Montag, 13. Mai 2013

Das Schaukelgerüst (12.5.2013)

Wir hatten schon mal eines. Das stand im Garten meiner Eltern und wurde, wegen der großen Entfernung zu unserer Wohnung, eher selten bespielt. Als meine Eltern auf das Grundstück ein Haus bauen ließen, musste das Gerüst weichen. Also zerlegten wir es, und lagerten es (leider ziemlich erdnahe).

Am vergangenen Donnerstag wollten wir uns das Schaukelgerüst mit dazugehöriger Rutsche, Reifenschaukel und Co. holen um es in unserem Garten aufzustellen. Die fünfjährige Lagerung unter Bäumen war dann leider doch nicht so gut für das Holz des Gerüstes, denn dieses war komplett durchgefault. Natürlich sah die Polyester-Rutsche noch gut aus, also nahmen wir wenigsten diese mit.
Ein neues Schaukelgerüst zu kaufen war die einzige sinnvolle Entscheidung, also lud ich gleich eines ein als ich die geliehene Motorhacke zurück brachte.

Natürlich hörte es seit Freitag Abend nicht mehr auf zu regnen. Somit konnten wir die Schaukel nicht aufstellen. Erst am Muttertag klarte es soweit auf, dass wir ein kurzes Zeitfenster für die Errichtung des Spielplatzes bekamen.

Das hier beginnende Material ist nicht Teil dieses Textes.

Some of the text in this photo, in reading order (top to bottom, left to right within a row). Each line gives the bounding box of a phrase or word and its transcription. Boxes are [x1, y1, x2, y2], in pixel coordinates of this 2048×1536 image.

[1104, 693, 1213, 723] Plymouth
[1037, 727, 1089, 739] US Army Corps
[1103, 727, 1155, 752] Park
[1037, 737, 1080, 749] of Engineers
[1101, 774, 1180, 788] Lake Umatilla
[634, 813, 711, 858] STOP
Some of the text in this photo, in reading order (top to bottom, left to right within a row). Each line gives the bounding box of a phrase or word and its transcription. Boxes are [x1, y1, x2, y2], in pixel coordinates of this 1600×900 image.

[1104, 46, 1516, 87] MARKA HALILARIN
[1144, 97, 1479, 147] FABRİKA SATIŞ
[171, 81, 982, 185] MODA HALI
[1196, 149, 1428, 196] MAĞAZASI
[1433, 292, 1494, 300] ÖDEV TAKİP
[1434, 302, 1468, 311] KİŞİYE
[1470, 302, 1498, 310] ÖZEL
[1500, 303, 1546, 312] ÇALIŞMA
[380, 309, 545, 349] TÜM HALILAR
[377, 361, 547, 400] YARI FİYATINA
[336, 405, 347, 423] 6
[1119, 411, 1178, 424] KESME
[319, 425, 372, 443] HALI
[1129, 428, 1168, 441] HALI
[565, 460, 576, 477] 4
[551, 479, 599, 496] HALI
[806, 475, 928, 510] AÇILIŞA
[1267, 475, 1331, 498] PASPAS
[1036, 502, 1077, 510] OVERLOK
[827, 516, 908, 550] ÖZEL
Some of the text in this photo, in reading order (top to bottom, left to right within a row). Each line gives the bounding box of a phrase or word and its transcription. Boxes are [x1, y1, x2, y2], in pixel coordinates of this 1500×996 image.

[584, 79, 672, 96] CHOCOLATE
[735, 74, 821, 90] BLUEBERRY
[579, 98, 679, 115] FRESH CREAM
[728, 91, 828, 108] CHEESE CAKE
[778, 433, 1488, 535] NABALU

Der Boden rund um den zukünftigen Spielplatz war wegen des Regens matschig und tief. Super zum Arbeiten! Eine Abdeckplane hat uns dabei geholfen die Teile des Klettergerüstes halbwegs matschfrei zu halten.
Nachdem wir die Leiterelemente zusammengeschraubt hatten, kamen wir drauf, dass es durchaus einen Unterschied macht wir die Teile verbunden werden. Legt man sie falsch zusammen, dann passt nämlich das Brett für die Rutsche nicht hinein. Also schraubten wir es wieder auseinander - was gar nicht so leicht ist - und probierten es aufs Neue. Beim zweiten Anlauf klappte es und nach kurzer Zeit stand der Kletterteil für die Rutsche. Diesen gruben wir dreißig Zentimeter tief ein, damit das Gerüst stabil steht. Die anderen Elemente waren dann nur noch Formsache, denn der Querbalken musste lediglich in die Waage gebracht werden, damit die Schaukeln später nicht zu schlingern beginnen. Die Stützen auf der anderen Seite sind wegen der Geländeneigung nicht ganz im gleichen Winkel wie die Leitern, was uns aber ziemlich egal ist.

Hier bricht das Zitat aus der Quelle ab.